Sulfate increases activity mainly by pH change and binds to the charged groups at the protein surface. Choline, on the other hand, has tendency to bind to hydrophobic residues. Solvent-exposed hydrophobic residues are usually found mainly in the active site. Therefore, choline will have higher probability to bind at/near the active site and decrease the activity of the enzyme.
Brine rejection from freezing salt solutions
(with P. Jungwirth)
In 2005, we mostly finished our extensive study of water freezing and brine rejection from freezing salt solutions. Our group was the first one in the world that was able to study this well known natural process using the methods of computational chemistry.
We employed the methods of molecular dynamics to observe the dynamics of the process that occurs during freezing of salt solutions. Salt badly soluble in ice is rejected to the surrounding environment. This process has large natural (water masses circulation in the ocean, possible role in thundercloud electrification) and technical (desalination) cosequences.
The figure (click to get bigger picture) shows snapshots from the MD simulations of the freezing of salt water (sodium – green, chloride – brown). Ions are rejected/repelled from the freezing water (ice lattice) into the remaining liquid phase.

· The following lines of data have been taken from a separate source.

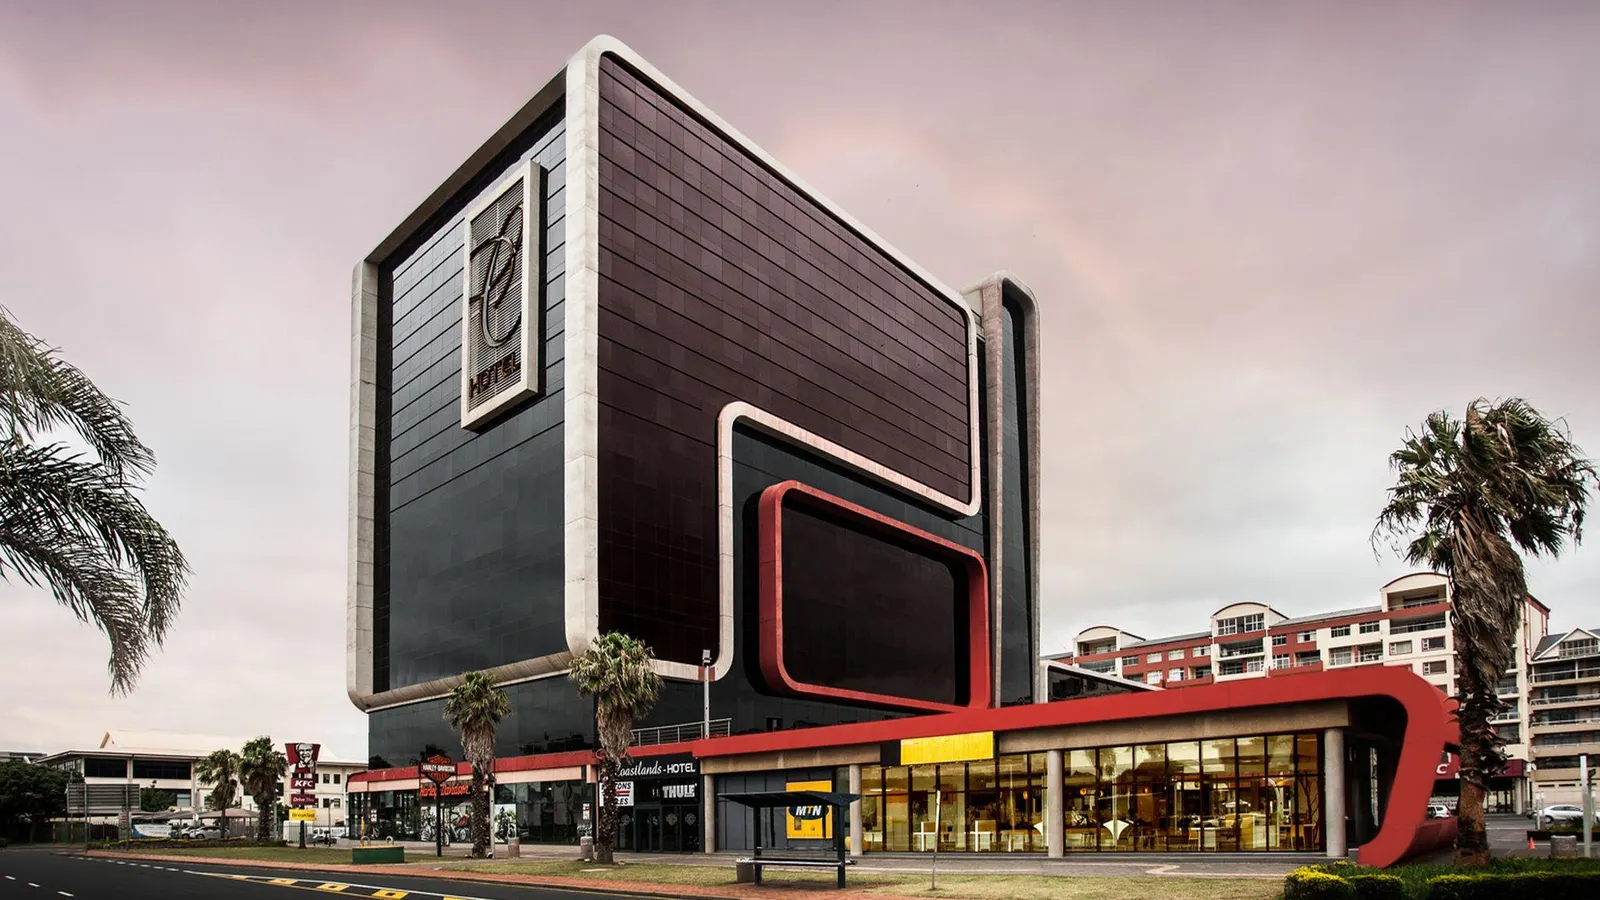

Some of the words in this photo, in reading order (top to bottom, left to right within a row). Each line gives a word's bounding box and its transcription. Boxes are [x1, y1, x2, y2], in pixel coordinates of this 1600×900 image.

[469, 351, 521, 399] HOTEL
[618, 760, 662, 777] oastlands
[666, 762, 696, 774] HOTEL
[295, 780, 313, 788] KFC
[662, 784, 695, 799] THULE
[795, 805, 822, 816] MTN

On 31st July 2006, German scientific portal Wissenschaft.de mentioned our work on the brine rejection in this article (the pdf printout of the article can be found here in case the original page is no longer available).
Structure and dynamics of ions at the air/water interface
(with P. Jungwirth)
Results of the recent research (both experimental and theoretical) indicate that the ‘classic’ picture of the air/water interface devoid of ions (Onsager-Samaras theory of electrolytes and interfaces) is valid only for small and nonpolarizable species. Big, soft, polarizable ions show profound affinity towards the interface. Polarization interactions therefore play a crucial role in this process.

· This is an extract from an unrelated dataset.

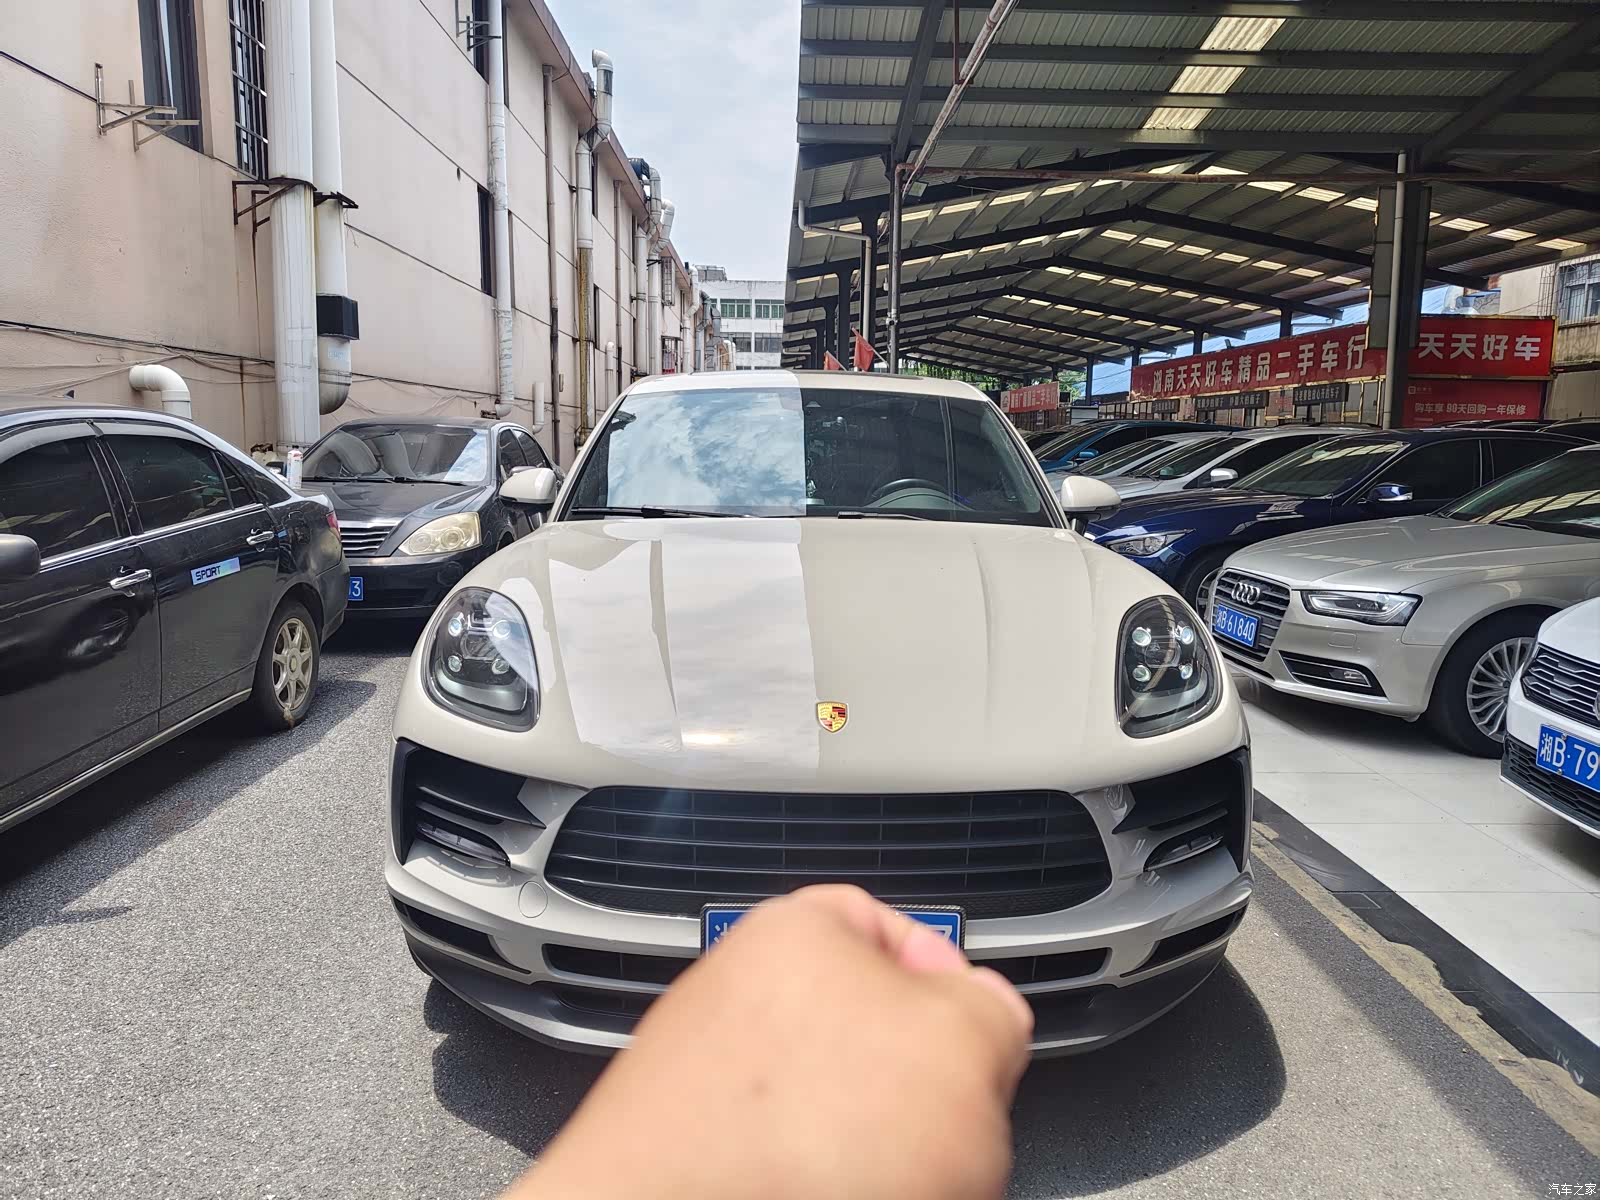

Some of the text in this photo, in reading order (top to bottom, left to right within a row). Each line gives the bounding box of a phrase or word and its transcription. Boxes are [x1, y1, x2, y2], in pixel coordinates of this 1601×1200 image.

[1418, 333, 1541, 361] 天天好车
[1153, 334, 1366, 393] 湖南天天好车精品二手车行
[194, 565, 221, 581] SPORT

Study of the propensity of different ions for the air/water interfaces has long ‘tradition’ in the group of Prof. Jungwirth. We studied the aqueous interfaces of various electrolyte solutions using the molecular dynamics with polarizable potentials.
The project started with simple atomic inorganic ions (halides) and evolved into the study of simple molecular ions (nitrate, sulfate, azide, thiocyanate). In the last period we investigated solvation properties of simple symmetric tetraalkylammonium cations (C=1-4) and some cations with long hydrophobic tails.
The figure (click to get bigger picture) shows the side view of the distribution of ions throughout the water slab. Interfaces are located in the upper and lower parts of the picture. Following ions are involved: cations – tetrabutylammonium, sodium (green); anions – iodide (violet), bromide (orange).